> **Goal of the exercise**:
Retype each record exactly.

> **Data to examine**:
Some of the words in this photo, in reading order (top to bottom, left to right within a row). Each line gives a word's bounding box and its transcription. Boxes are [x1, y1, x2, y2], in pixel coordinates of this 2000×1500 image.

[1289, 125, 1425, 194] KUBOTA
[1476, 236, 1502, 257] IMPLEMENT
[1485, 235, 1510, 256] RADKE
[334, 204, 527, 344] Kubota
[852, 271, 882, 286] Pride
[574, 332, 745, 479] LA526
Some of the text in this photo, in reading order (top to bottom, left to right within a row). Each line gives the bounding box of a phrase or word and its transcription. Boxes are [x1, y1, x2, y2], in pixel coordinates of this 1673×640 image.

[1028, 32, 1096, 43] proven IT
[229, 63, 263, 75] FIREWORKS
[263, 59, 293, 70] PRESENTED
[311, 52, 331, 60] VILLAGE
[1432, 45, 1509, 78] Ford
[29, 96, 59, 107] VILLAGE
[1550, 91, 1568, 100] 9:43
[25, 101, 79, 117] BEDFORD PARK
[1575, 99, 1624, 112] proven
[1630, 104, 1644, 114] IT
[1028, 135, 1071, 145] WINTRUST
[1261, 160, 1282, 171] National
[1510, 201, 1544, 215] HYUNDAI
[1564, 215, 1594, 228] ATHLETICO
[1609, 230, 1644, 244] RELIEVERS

> **Exercise response**:
Some of the words in this photo, in reading order (top to bottom, left to right within a row). Each line gives a word's bounding box and its transcription. Boxes are [x1, y1, x2, y2], in pixel coordinates of this 2000×1500 image.

[1289, 125, 1425, 194] KUBOTA
[1476, 236, 1502, 257] IMPLEMENT
[1485, 235, 1510, 256] RADKE
[334, 204, 527, 344] Kubota
[852, 271, 882, 286] Pride
[574, 332, 745, 479] LA526
Some of the text in this photo, in reading order (top to bottom, left to right within a row). Each line gives the bounding box of a phrase or word and its transcription. Boxes are [x1, y1, x2, y2], in pixel coordinates of this 1673×640 image.

[1028, 32, 1096, 43] proven IT
[229, 63, 263, 75] FIREWORKS
[263, 59, 293, 70] PRESENTED
[311, 52, 331, 60] VILLAGE
[1432, 45, 1509, 78] Ford
[29, 96, 59, 107] VILLAGE
[1550, 91, 1568, 100] 9:43
[25, 101, 79, 117] BEDFORD PARK
[1575, 99, 1624, 112] proven
[1630, 104, 1644, 114] IT
[1028, 135, 1071, 145] WINTRUST
[1261, 160, 1282, 171] National
[1510, 201, 1544, 215] HYUNDAI
[1564, 215, 1594, 228] ATHLETICO
[1609, 230, 1644, 244] RELIEVERS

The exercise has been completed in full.